*DATA FOR THE TASK:*
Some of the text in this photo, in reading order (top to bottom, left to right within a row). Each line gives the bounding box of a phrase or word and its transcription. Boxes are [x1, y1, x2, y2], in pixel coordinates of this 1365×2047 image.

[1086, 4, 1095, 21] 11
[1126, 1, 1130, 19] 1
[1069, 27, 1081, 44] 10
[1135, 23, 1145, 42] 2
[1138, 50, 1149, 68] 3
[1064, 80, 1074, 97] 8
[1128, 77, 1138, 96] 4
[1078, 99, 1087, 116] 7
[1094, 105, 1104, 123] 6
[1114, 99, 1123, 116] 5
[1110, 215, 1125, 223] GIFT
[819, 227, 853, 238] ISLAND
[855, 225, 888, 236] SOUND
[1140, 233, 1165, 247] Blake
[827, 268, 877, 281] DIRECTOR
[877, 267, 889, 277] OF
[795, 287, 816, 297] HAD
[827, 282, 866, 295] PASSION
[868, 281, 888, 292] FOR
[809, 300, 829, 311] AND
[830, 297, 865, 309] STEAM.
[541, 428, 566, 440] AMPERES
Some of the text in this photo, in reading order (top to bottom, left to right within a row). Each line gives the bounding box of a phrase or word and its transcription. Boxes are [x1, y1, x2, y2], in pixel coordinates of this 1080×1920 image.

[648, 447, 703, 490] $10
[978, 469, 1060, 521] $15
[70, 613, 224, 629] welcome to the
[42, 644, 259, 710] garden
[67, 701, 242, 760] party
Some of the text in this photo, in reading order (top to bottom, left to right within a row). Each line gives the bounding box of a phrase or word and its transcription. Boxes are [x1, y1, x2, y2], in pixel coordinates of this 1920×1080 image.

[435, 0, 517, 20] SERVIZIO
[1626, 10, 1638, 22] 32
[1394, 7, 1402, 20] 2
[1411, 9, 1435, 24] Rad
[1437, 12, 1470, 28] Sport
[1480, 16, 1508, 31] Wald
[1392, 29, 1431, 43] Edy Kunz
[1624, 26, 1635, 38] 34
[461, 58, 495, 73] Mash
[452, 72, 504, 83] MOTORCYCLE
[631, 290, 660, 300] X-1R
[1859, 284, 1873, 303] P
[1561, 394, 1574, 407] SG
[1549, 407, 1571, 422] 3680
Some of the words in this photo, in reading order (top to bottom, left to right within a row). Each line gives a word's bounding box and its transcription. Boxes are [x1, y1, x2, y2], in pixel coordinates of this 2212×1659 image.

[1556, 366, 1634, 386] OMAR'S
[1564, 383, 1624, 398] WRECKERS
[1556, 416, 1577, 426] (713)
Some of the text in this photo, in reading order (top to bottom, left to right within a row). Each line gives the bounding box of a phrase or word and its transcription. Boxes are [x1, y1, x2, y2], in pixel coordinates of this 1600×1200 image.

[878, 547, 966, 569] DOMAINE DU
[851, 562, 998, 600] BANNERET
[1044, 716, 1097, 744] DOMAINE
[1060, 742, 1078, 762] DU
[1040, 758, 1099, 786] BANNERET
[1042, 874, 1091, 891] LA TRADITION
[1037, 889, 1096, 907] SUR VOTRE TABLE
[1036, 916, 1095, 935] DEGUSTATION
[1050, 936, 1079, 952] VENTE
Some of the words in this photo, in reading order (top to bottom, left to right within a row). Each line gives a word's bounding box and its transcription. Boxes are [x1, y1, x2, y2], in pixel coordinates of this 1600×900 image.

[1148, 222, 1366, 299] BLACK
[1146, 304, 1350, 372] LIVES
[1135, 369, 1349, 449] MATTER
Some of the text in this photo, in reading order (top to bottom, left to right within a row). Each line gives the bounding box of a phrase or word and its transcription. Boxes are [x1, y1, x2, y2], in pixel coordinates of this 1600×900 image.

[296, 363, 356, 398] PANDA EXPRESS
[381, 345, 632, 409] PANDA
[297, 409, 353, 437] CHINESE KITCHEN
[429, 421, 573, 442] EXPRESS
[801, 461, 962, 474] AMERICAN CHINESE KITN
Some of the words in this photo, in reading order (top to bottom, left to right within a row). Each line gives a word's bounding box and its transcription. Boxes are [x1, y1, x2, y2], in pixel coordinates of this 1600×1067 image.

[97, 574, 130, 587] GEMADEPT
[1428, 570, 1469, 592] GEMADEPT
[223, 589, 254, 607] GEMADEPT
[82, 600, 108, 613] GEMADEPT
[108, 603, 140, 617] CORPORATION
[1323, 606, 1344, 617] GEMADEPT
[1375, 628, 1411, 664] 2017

*EXERCISE AIM:* Set the data down once more, exactly as it stands.

*PROBLEM SOLUTION:*
Some of the text in this photo, in reading order (top to bottom, left to right within a row). Each line gives the bounding box of a phrase or word and its transcription. Boxes are [x1, y1, x2, y2], in pixel coordinates of this 1365×2047 image.

[1086, 4, 1095, 21] 11
[1126, 1, 1130, 19] 1
[1069, 27, 1081, 44] 10
[1135, 23, 1145, 42] 2
[1138, 50, 1149, 68] 3
[1064, 80, 1074, 97] 8
[1128, 77, 1138, 96] 4
[1078, 99, 1087, 116] 7
[1094, 105, 1104, 123] 6
[1114, 99, 1123, 116] 5
[1110, 215, 1125, 223] GIFT
[819, 227, 853, 238] ISLAND
[855, 225, 888, 236] SOUND
[1140, 233, 1165, 247] Blake
[827, 268, 877, 281] DIRECTOR
[877, 267, 889, 277] OF
[795, 287, 816, 297] HAD
[827, 282, 866, 295] PASSION
[868, 281, 888, 292] FOR
[809, 300, 829, 311] AND
[830, 297, 865, 309] STEAM.
[541, 428, 566, 440] AMPERES
Some of the text in this photo, in reading order (top to bottom, left to right within a row). Each line gives the bounding box of a phrase or word and its transcription. Boxes are [x1, y1, x2, y2], in pixel coordinates of this 1080×1920 image.

[648, 447, 703, 490] $10
[978, 469, 1060, 521] $15
[70, 613, 224, 629] welcome to the
[42, 644, 259, 710] garden
[67, 701, 242, 760] party
Some of the text in this photo, in reading order (top to bottom, left to right within a row). Each line gives the bounding box of a phrase or word and its transcription. Boxes are [x1, y1, x2, y2], in pixel coordinates of this 1920×1080 image.

[435, 0, 517, 20] SERVIZIO
[1626, 10, 1638, 22] 32
[1394, 7, 1402, 20] 2
[1411, 9, 1435, 24] Rad
[1437, 12, 1470, 28] Sport
[1480, 16, 1508, 31] Wald
[1392, 29, 1431, 43] Edy Kunz
[1624, 26, 1635, 38] 34
[461, 58, 495, 73] Mash
[452, 72, 504, 83] MOTORCYCLE
[631, 290, 660, 300] X-1R
[1859, 284, 1873, 303] P
[1561, 394, 1574, 407] SG
[1549, 407, 1571, 422] 3680
Some of the words in this photo, in reading order (top to bottom, left to right within a row). Each line gives a word's bounding box and its transcription. Boxes are [x1, y1, x2, y2], in pixel coordinates of this 2212×1659 image.

[1556, 366, 1634, 386] OMAR'S
[1564, 383, 1624, 398] WRECKERS
[1556, 416, 1577, 426] (713)
Some of the text in this photo, in reading order (top to bottom, left to right within a row). Each line gives the bounding box of a phrase or word and its transcription. Boxes are [x1, y1, x2, y2], in pixel coordinates of this 1600×1200 image.

[878, 547, 966, 569] DOMAINE DU
[851, 562, 998, 600] BANNERET
[1044, 716, 1097, 744] DOMAINE
[1060, 742, 1078, 762] DU
[1040, 758, 1099, 786] BANNERET
[1042, 874, 1091, 891] LA TRADITION
[1037, 889, 1096, 907] SUR VOTRE TABLE
[1036, 916, 1095, 935] DEGUSTATION
[1050, 936, 1079, 952] VENTE
Some of the words in this photo, in reading order (top to bottom, left to right within a row). Each line gives a word's bounding box and its transcription. Boxes are [x1, y1, x2, y2], in pixel coordinates of this 1600×900 image.

[1148, 222, 1366, 299] BLACK
[1146, 304, 1350, 372] LIVES
[1135, 369, 1349, 449] MATTER
Some of the text in this photo, in reading order (top to bottom, left to right within a row). Each line gives the bounding box of a phrase or word and its transcription. Boxes are [x1, y1, x2, y2], in pixel coordinates of this 1600×900 image.

[296, 363, 356, 398] PANDA EXPRESS
[381, 345, 632, 409] PANDA
[297, 409, 353, 437] CHINESE KITCHEN
[429, 421, 573, 442] EXPRESS
[801, 461, 962, 474] AMERICAN CHINESE KITN
Some of the words in this photo, in reading order (top to bottom, left to right within a row). Each line gives a word's bounding box and its transcription. Boxes are [x1, y1, x2, y2], in pixel coordinates of this 1600×1067 image.

[97, 574, 130, 587] GEMADEPT
[1428, 570, 1469, 592] GEMADEPT
[223, 589, 254, 607] GEMADEPT
[82, 600, 108, 613] GEMADEPT
[108, 603, 140, 617] CORPORATION
[1323, 606, 1344, 617] GEMADEPT
[1375, 628, 1411, 664] 2017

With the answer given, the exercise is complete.